== Work order ==
Without the pictures, restate all of the data below word for word.

★ ★ ★

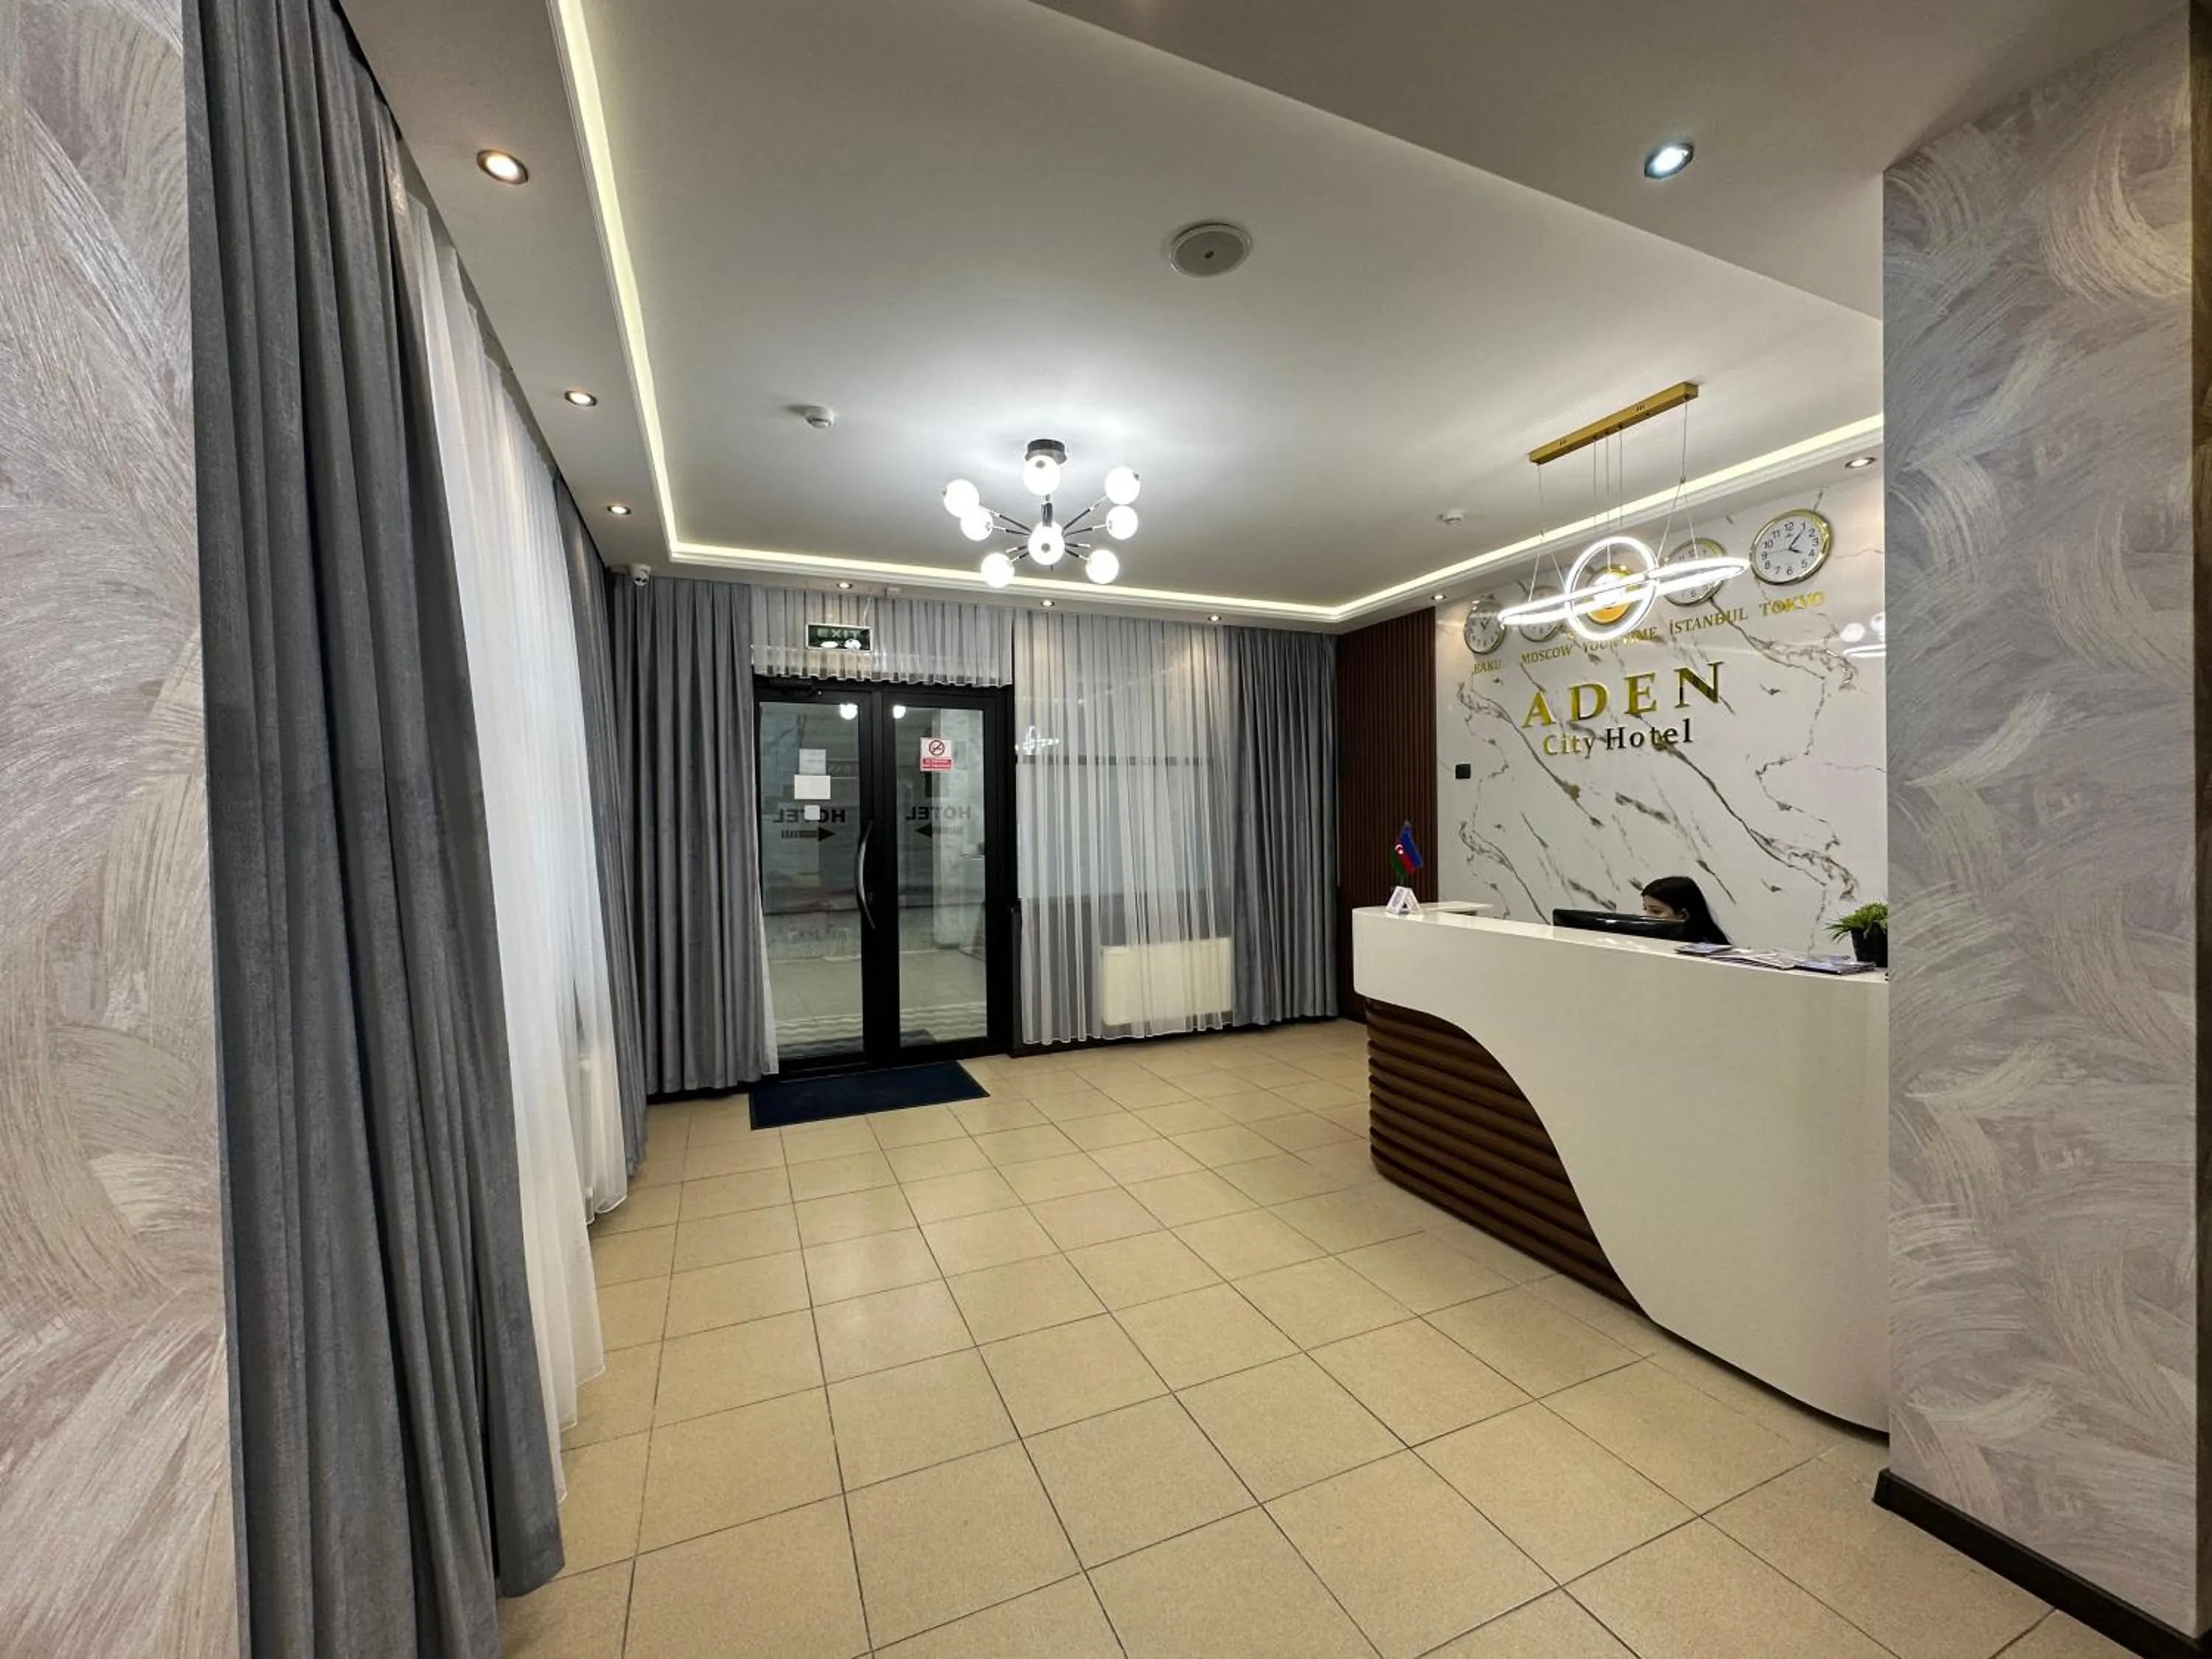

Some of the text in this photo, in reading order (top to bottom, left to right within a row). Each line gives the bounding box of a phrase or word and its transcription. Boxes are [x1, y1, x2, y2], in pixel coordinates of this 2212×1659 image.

[1784, 521, 1794, 532] 12
[1801, 521, 1806, 531] 1
[1772, 529, 1781, 539] 11
[1809, 527, 1815, 538] 2
[1764, 539, 1773, 549] 10
[1812, 538, 1819, 546] 3
[1761, 551, 1768, 561] 9
[1808, 549, 1815, 557] 4
[1764, 560, 1770, 570] 8
[1801, 559, 1808, 568] 5
[1774, 566, 1781, 575] 7
[1787, 566, 1794, 575] 6
[1759, 591, 1825, 616] TOKYO
[817, 627, 861, 639] EXIT
[1520, 644, 1573, 664] MOSCOW
[1474, 660, 1501, 674] BAKU
[1522, 661, 1725, 728] ADEN
[1543, 717, 1694, 759] City Hotel

★ ★ ★

== Solution to this task ==
Some of the text in this photo, in reading order (top to bottom, left to right within a row). Each line gives the bounding box of a phrase or word and its transcription. Boxes are [x1, y1, x2, y2], in pixel coordinates of this 2212×1659 image.

[1784, 521, 1794, 532] 12
[1801, 521, 1806, 531] 1
[1772, 529, 1781, 539] 11
[1809, 527, 1815, 538] 2
[1764, 539, 1773, 549] 10
[1812, 538, 1819, 546] 3
[1761, 551, 1768, 561] 9
[1808, 549, 1815, 557] 4
[1764, 560, 1770, 570] 8
[1801, 559, 1808, 568] 5
[1774, 566, 1781, 575] 7
[1787, 566, 1794, 575] 6
[1759, 591, 1825, 616] TOKYO
[817, 627, 861, 639] EXIT
[1520, 644, 1573, 664] MOSCOW
[1474, 660, 1501, 674] BAKU
[1522, 661, 1725, 728] ADEN
[1543, 717, 1694, 759] City Hotel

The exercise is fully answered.